The MSCI Frontier Markets Index captures large and mid cap representation across 29 frontier markets (FM) countries. And the MSCI Nigeria Indexes were added to the review list for potential reclassification to Standalone status in September 2016 due to issues in the foreign exchange market leading to impairment in the ability of institutional investors to repatriate capital.

But on April 21, 2017, the Central Bank of Nigeria (CBN) established the Investors’ and Exporters’ FX Window which aims to improve liquidity in the foreign exchange (FX) market. Market participants have said that since the establishment of this window, funds can be repatriated at close to the official rate. Besides, concerns on the spreads and delays which investors have earlier experienced have also eased.

Apparently pleased by these developments, MSCI last Friday announced its decision to retain the MSCI Nigeria Indexes in the MSCI Frontier Markets Indexes.

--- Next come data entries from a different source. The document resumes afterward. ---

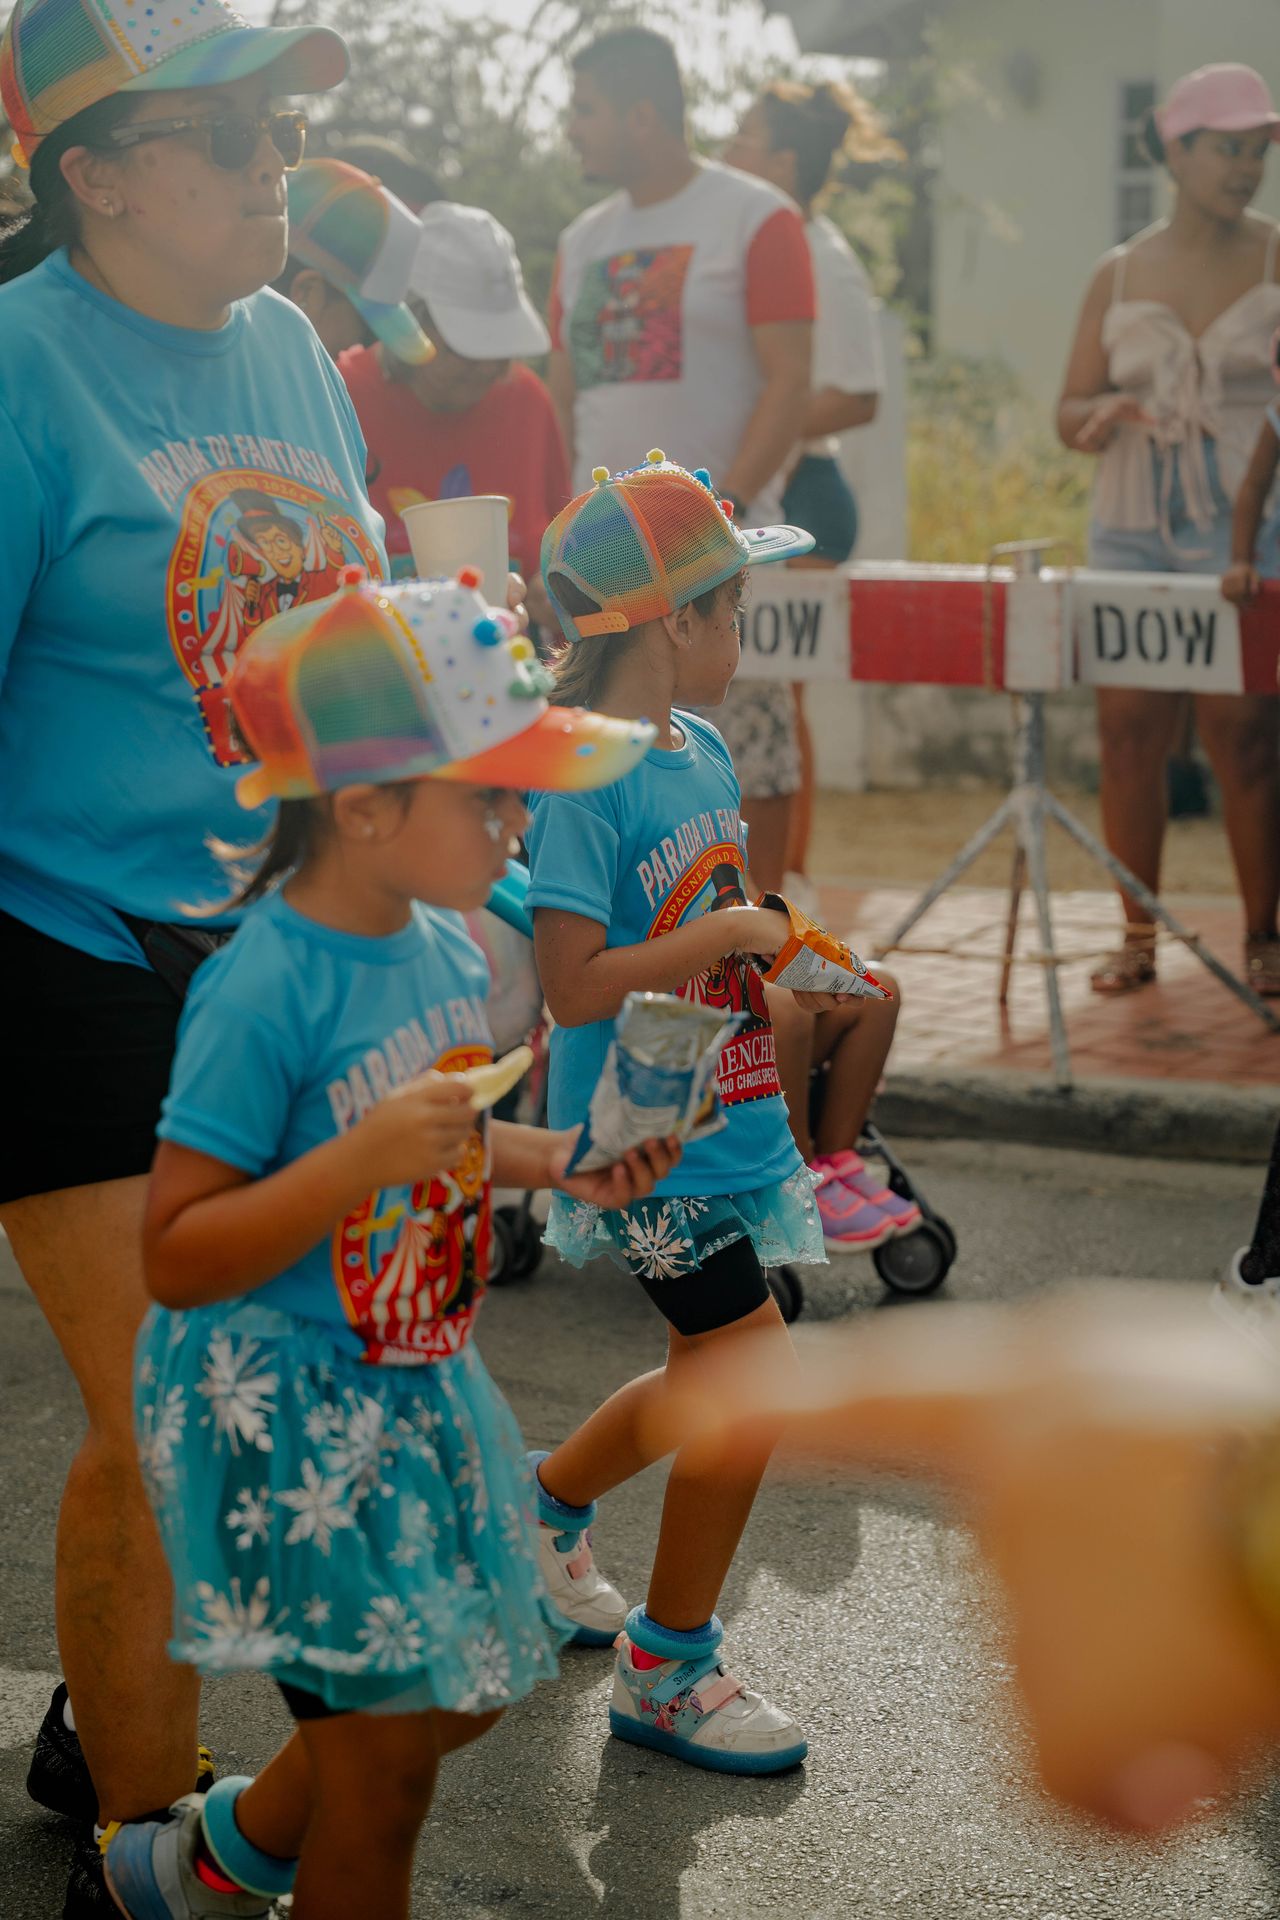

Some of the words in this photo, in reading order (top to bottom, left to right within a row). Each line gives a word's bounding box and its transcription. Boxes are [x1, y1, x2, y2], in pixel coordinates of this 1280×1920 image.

[138, 438, 212, 512] PARADA
[203, 434, 235, 467] DI
[233, 434, 352, 502] FANTASIA
[1094, 604, 1215, 665] DOW
[637, 817, 704, 911] PARADA
[699, 811, 718, 843] DI
[658, 870, 704, 935] AMPAGNE
[702, 851, 730, 873] SQUAD

MSCI will also no longer apply the special treatment for the MSCI Nigeria Indexes announced on April 29, 2016. More specifically, and as part of the upcoming November 2017 Semi-Annual Index Review , MSCI will implement all index review changes, including changes in the Number of Shares (NOS) and Foreign Inclusion Factors (FIF) that have been postponed since April 29, 2016. These changes will be made for securities classified in Nigeria in the MSCI Nigeria Indexes and in indexes which Nigeria is a component of.

Despite, these positive news, the market closed on a bearish note as the NSE All-Share Index fell 0.34 per cent to close lower at 36,462.26. But the market capitalisation appreciated by 0.20 per cent due to additional listing of shares in Guinness Nigeria Plc.

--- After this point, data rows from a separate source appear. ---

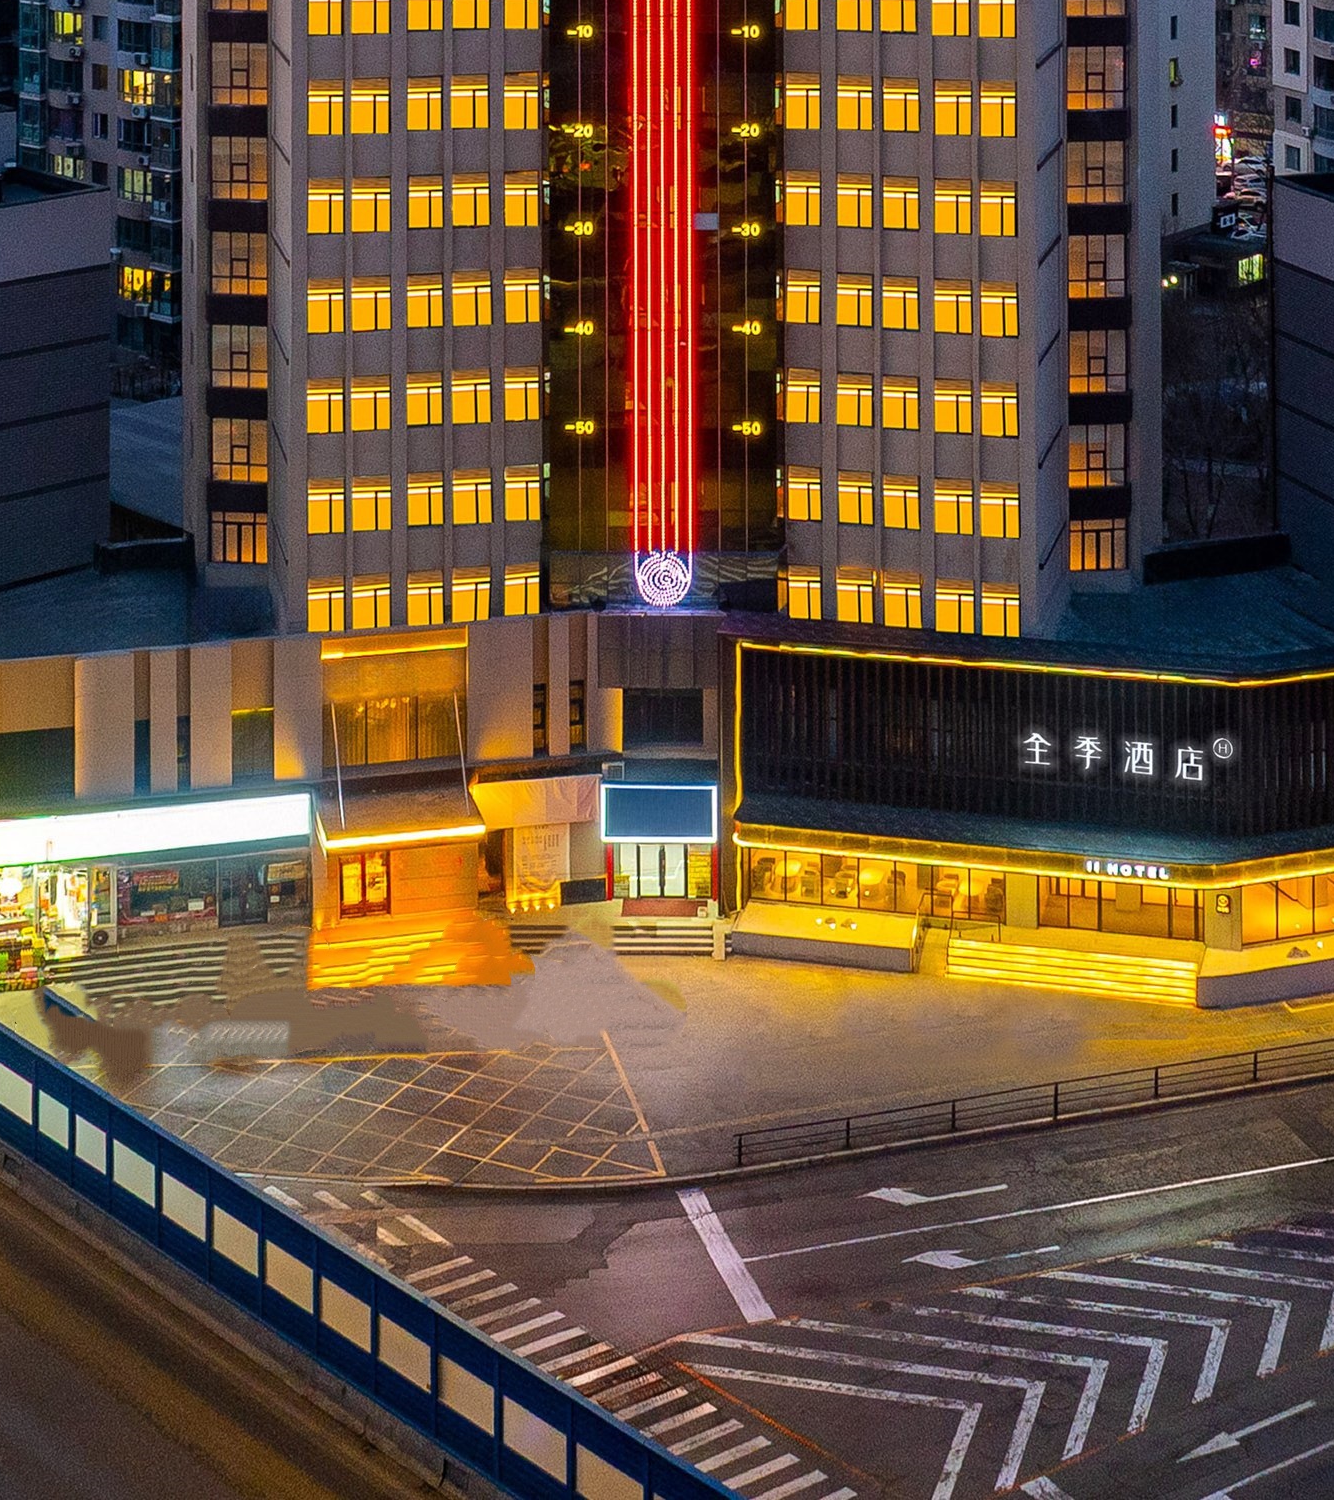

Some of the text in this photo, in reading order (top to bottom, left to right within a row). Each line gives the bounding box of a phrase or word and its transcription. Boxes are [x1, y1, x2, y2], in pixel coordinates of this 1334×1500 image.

[567, 24, 594, 39] -10
[731, 24, 760, 39] -10
[565, 123, 594, 138] -20
[731, 123, 760, 138] -20
[564, 221, 594, 236] -30
[731, 221, 761, 237] -30
[564, 320, 594, 336] -40
[731, 319, 761, 336] -40
[565, 420, 595, 435] -50
[731, 421, 762, 436] -50
[1023, 732, 1204, 781] 全季酒店
[1106, 863, 1170, 880] HOTEL
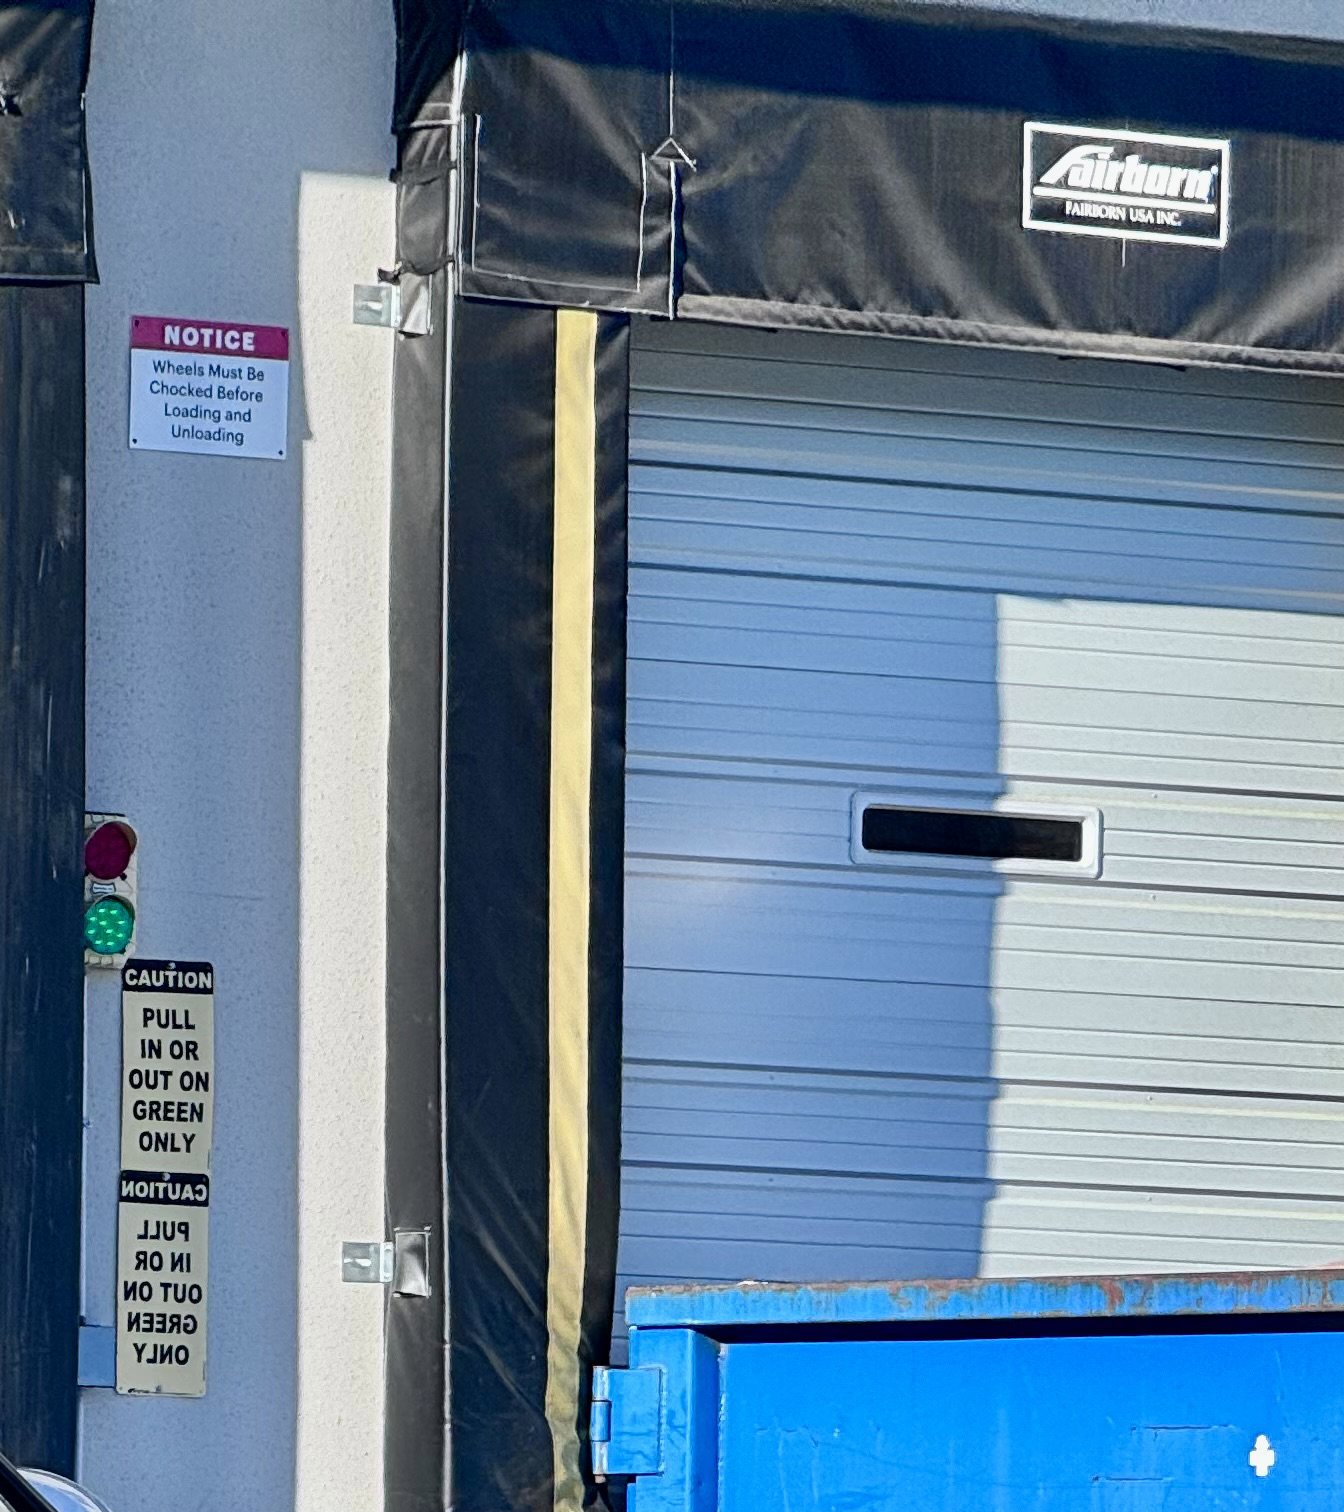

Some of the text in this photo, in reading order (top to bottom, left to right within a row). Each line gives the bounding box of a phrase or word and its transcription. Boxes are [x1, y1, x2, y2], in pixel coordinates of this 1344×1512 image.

[1065, 201, 1126, 221] FAIRBORN
[1129, 207, 1155, 224] USA
[164, 324, 256, 351] NOTICE
[152, 360, 265, 382] Wheels Must Be
[149, 380, 263, 403] Chocked Before
[164, 403, 252, 423] Loading and
[171, 424, 245, 447] Unloading
[125, 968, 212, 989] CAUTION
[142, 1007, 196, 1030] PULL
[140, 1038, 199, 1061] IN OR
[128, 1068, 209, 1092] OUT ON
[132, 1099, 204, 1123] GREEN
[138, 1131, 196, 1153] ONLY

According to analysts at Meristem Securities Limited, a number of other companies posted results showing remarkable growths in top-line and bottom-line, however, sell sentiments towards bellwether stocks in the industrial and consumer goods sectors drove the market to a negative close.

“In the coming week, we expect an upturn in the market mood as we expect investors to take advantage of the significant losses recorded by certain heavyweights,” the analysts said.

Daily Market Performance

Trading at the stock market resumed on a negative note on Monday as profit taking persisted causing the NSE ASI to close 0.48 per cent lower at 36,411.73. Similarly, the market capitalisation depreciated by same margin to be at N12.53 trillion.

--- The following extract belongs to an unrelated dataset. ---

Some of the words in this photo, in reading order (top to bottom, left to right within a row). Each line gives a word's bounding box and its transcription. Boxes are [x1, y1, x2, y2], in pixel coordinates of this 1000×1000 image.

Losses recorded by Zenith Bank, ETI, Nigerian Breweries, Lafarge Africa, and Transcorp propelled the decline. However, the value of stocks traded on the first day of the trading went up by 43.4 per cent as invested staked N2.70 billion on 253.53 million shares in 3,609 deals.

The three most actively traded sectors were: Financial Services (195.00 million shares), Conglomerates (26.48 million shares), and Consumer Goods (12.17 million shares). The three most actively traded stocks were: Access Bank (68.74 million shares), FBNH (27.27 million shares) and Transcorp (26.06 million shares).

Apart from the NSE Oil & Gas Index that closed flat all other sectors fell. The NSE Industrial Goods Index led the pack, shedding 4.0 per cent. The NSE Insurance Index trailed with a decline of 1.2 per cent, while the NSE Banking Index declined 0.5 per cent. The NSE Consumer Goods Index shed 0.2 per cent.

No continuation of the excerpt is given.